In 2002, Alexander and Fasching opened a roadside farmstand, marking the beginning of Jericho Settlers Farm. Four years later, the couple left their jobs to work full-time for the thriving farm, which eventually expanded across 200 acres, and now produces more than 75 types of organic vegetables.
And while those veggies are ridiculously tasty, Alexander’s passion for farming is about more than just fabulous food. “It’s about supporting a landscape and a community and a whole network of businesses that rely on agriculture,” she says.
Triple J Pastures
John and Jen Belanger, who met in Boston where they worked as restaurant servers, had long dreamed of moving to Vermont to raise animals and grow food responsibly. In 2018, they finally manifested that goal when they purchased Triple J Pastures farm in Irasburg. (The third “J” stands for their dog Juicy.) “We were fed-up with the mass-produced food industry where no one knows where the food comes from or who raised it,” John says. “Part of our inspiration was how great it is to know your farmer.”
Today, the husband-and-wife team supply legumes, whole pigs, and eggs to The Lodge’s restaurants, where they also work part-time as servers. Now, they truckare immensely gratified to see their food transformed into stunning meals. “Our yolks are a bright red-orange, almost like a glowing sun on the plate—rich, vibrant, and with a flavor unlike any other,” John explains. “When I drop off a dish at a table, making the connection that I’m the farmer that grew it—wow.”
Jasper Hill Farm
Years ago, brothers Andy and Mateo Kehler and their wives, Victoria and Angie, went on a mission to find meaningful work in a place they loved. In 1998, when they purchased the Greensboro-based Jasper Hill Farm (near Lake Caspian, where the Kehler family had vacationed for more than a century), it hadn’t seen cows in nearly 40 years. But the brothers had a vision of revamping the small-scale former dairy farm to make top of the line products.
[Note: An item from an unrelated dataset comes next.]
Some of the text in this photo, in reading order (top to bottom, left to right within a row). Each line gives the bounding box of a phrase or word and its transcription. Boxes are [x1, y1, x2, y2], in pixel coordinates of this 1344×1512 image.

Today, the creamery and an impressive cave aging space put forth award-winning, artisan cheeses.
“We’re trying to propel high-value cheese into metropolitan areas and then draw those resources back into rural areas,” says SolsticeZoe Brickley, Jasper Hill Farm’s director of marketing. “What’s cool about our relationship with Spruce Peak is that it has world-class restaurants that also happen to be in our backyard.”
Misty Knoll Farms
In the early 1980s, John Palmer, then an electrical engineer for IBM, began raising turkeys in his basement as part of his daughter’s 4-H project. Little did he know at the time that he was embarking on what would become a second career as a poultry farmer. But as he started giving away the turkeys to family and friends, the feedback was consistent: Palmer’s ultra-flavorful birds tasted unlike any other.
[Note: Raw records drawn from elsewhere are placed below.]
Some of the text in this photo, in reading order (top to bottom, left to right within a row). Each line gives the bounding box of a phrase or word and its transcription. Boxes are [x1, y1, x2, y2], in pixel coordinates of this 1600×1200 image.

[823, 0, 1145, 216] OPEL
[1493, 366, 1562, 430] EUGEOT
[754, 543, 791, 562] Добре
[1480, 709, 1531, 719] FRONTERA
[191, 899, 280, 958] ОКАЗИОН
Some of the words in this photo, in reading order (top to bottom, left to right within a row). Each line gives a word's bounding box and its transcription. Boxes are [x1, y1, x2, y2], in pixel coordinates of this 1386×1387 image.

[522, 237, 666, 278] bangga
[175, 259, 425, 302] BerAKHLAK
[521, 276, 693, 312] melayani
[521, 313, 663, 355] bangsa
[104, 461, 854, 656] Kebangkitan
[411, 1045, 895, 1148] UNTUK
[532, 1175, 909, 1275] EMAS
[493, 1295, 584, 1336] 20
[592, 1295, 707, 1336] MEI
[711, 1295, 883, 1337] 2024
For the next decade, Palmer grew his turkey side hustle until he retired from IBM. By then, he had purchased a 412-acre property in New Haven, Vermont, named it Misty Knoll Farms, and hired his nephew, Rob Litch, to shovel manure to help pay for college.
When Litch graduated from the University of Vermont in 1992, he surprised even himself when he decided to become the second full-time Misty Knoll employee. “I always thought I was going to work on Wall Street, but I ended up on ‘Turkey Lane,’” Litch says.
Happily, he has found his role as an owner of the family farm to be deeply rewarding. Misty Knoll is known for naturally raised, antibiotic-free turkeys and chickens that are fed grain without animal byproducts. “There’s a significant amount of pride in saying that we’ve been successful as farmers,” Litch says, adding that there is pride, too, simply in being here in Vermont. “We’re fortunate to be in a state that [fosters] a community of farmers and consumers that support each other.”